Task statement
Write the entries out exactly. Any images they hold stay out of the copy.
_ _ _ _
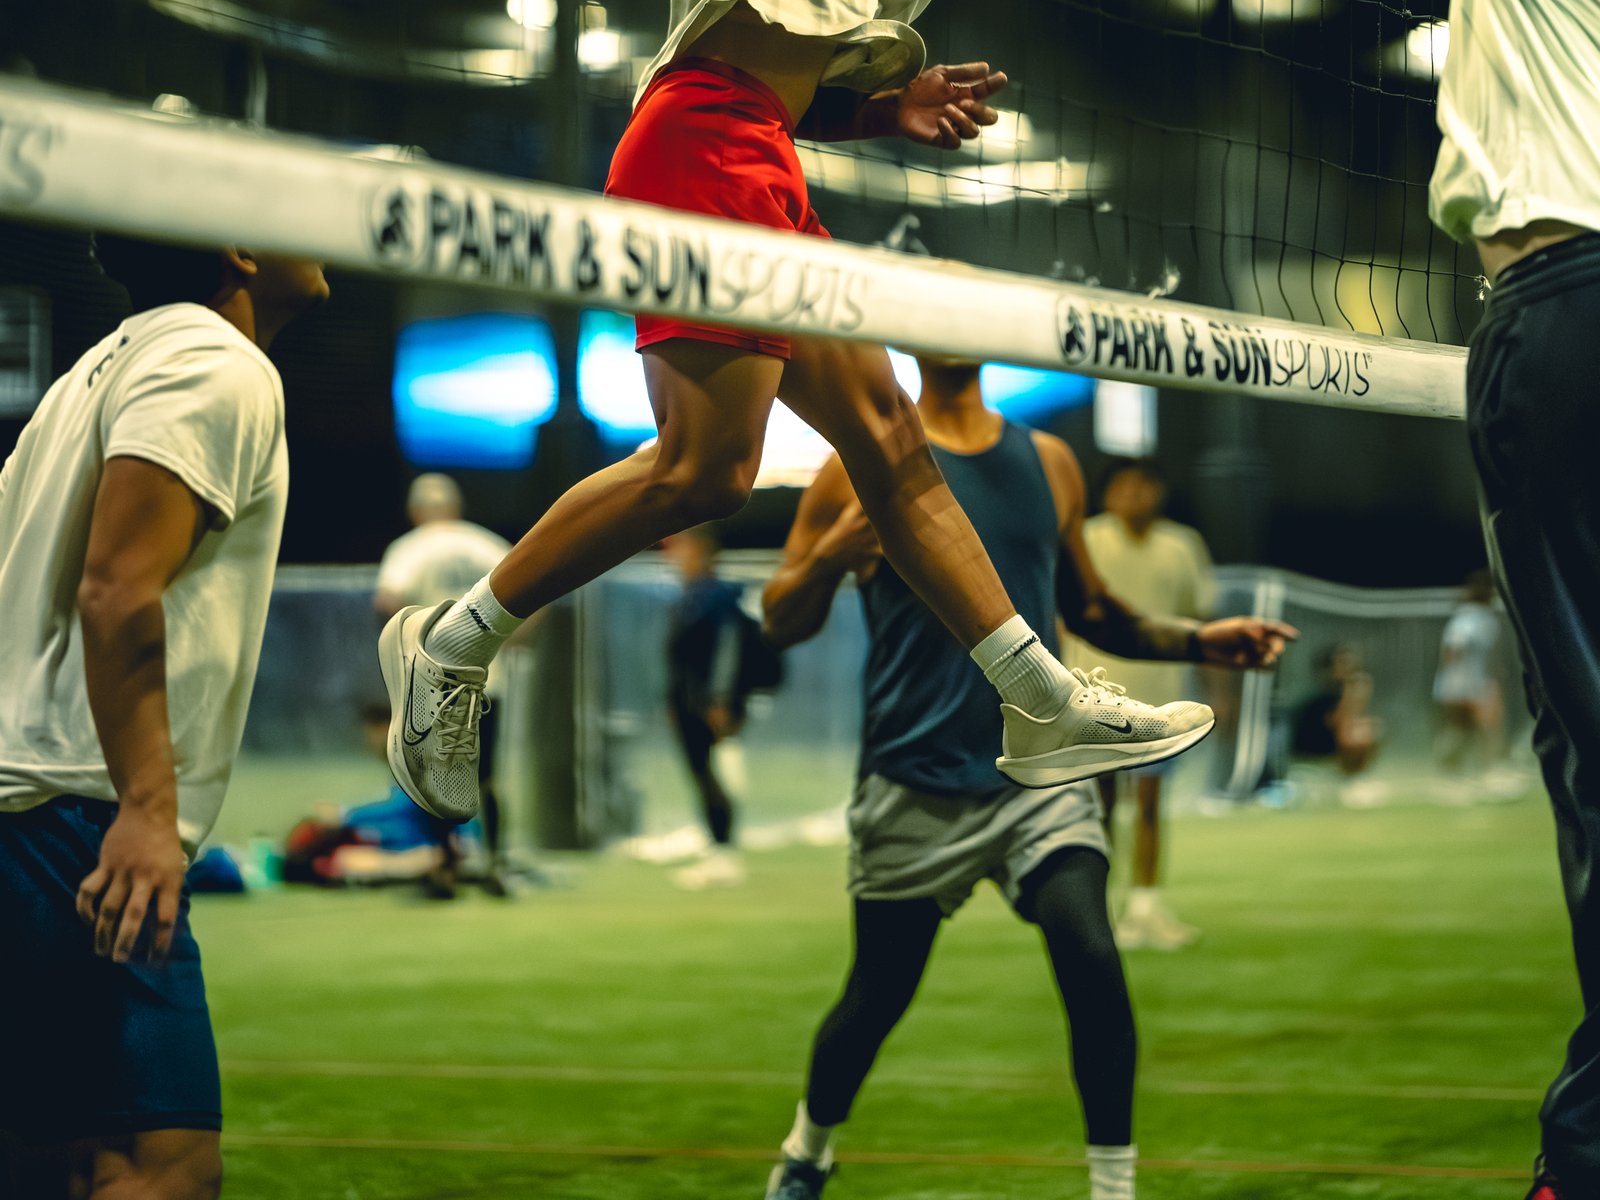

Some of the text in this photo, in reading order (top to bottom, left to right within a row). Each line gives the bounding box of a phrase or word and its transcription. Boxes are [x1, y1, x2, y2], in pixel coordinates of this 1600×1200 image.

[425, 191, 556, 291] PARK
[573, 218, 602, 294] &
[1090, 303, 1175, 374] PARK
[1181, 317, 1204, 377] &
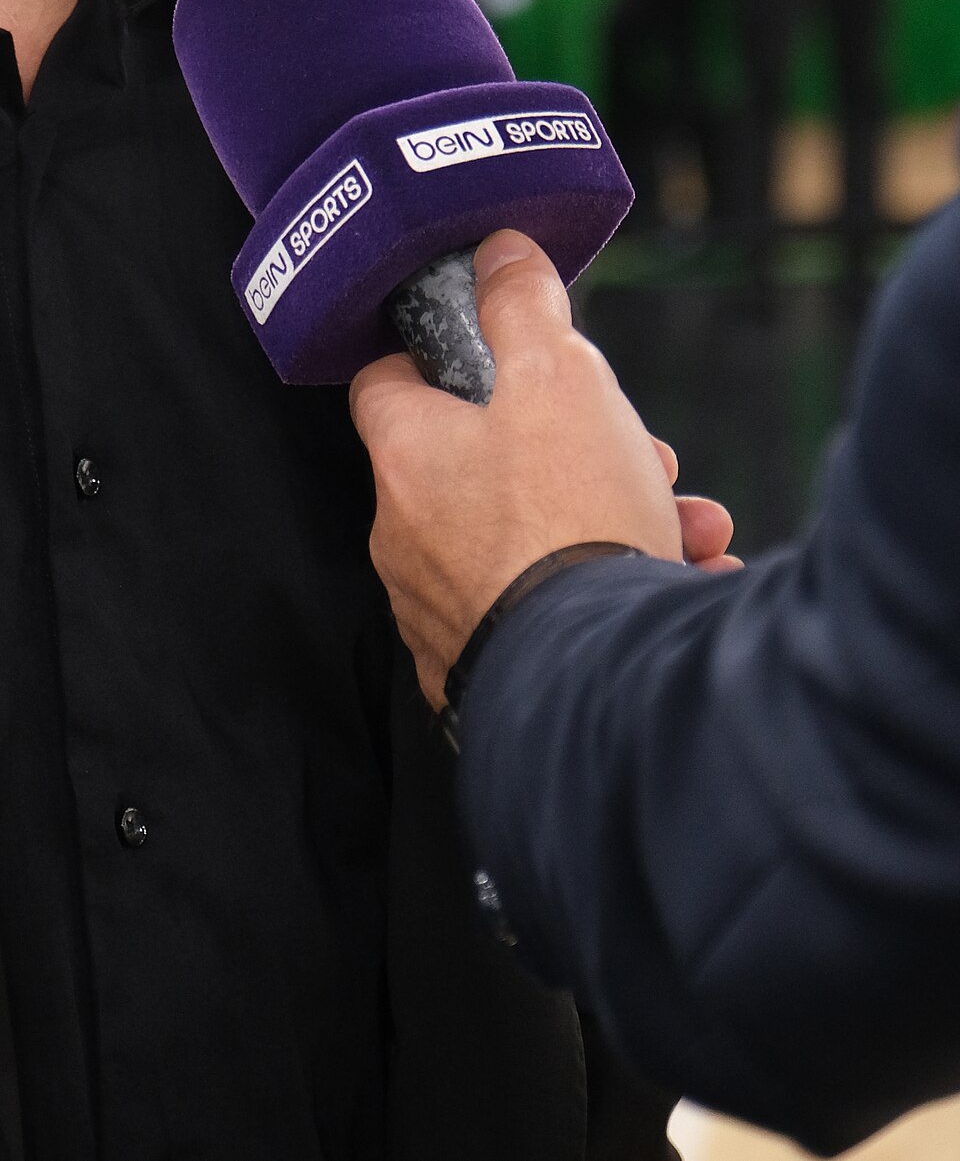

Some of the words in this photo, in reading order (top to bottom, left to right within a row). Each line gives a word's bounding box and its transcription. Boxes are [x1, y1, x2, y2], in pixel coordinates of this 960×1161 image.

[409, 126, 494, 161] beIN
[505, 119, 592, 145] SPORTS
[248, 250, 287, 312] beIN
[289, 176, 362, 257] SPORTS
_ _ _ _
Result for this exercise
Some of the text in this photo, in reading order (top to bottom, left to right within a row). Each line gives the bounding box of a phrase or word and its transcription. Boxes are [x1, y1, x2, y2], in pixel coordinates of this 1600×1200 image.

[425, 191, 556, 291] PARK
[573, 218, 602, 294] &
[1090, 303, 1175, 374] PARK
[1181, 317, 1204, 377] &

Some of the words in this photo, in reading order (top to bottom, left to right within a row). Each line gives a word's bounding box and its transcription. Boxes are [x1, y1, x2, y2], in pixel coordinates of this 960×1161 image.

[409, 126, 494, 161] beIN
[505, 119, 592, 145] SPORTS
[248, 250, 287, 312] beIN
[289, 176, 362, 257] SPORTS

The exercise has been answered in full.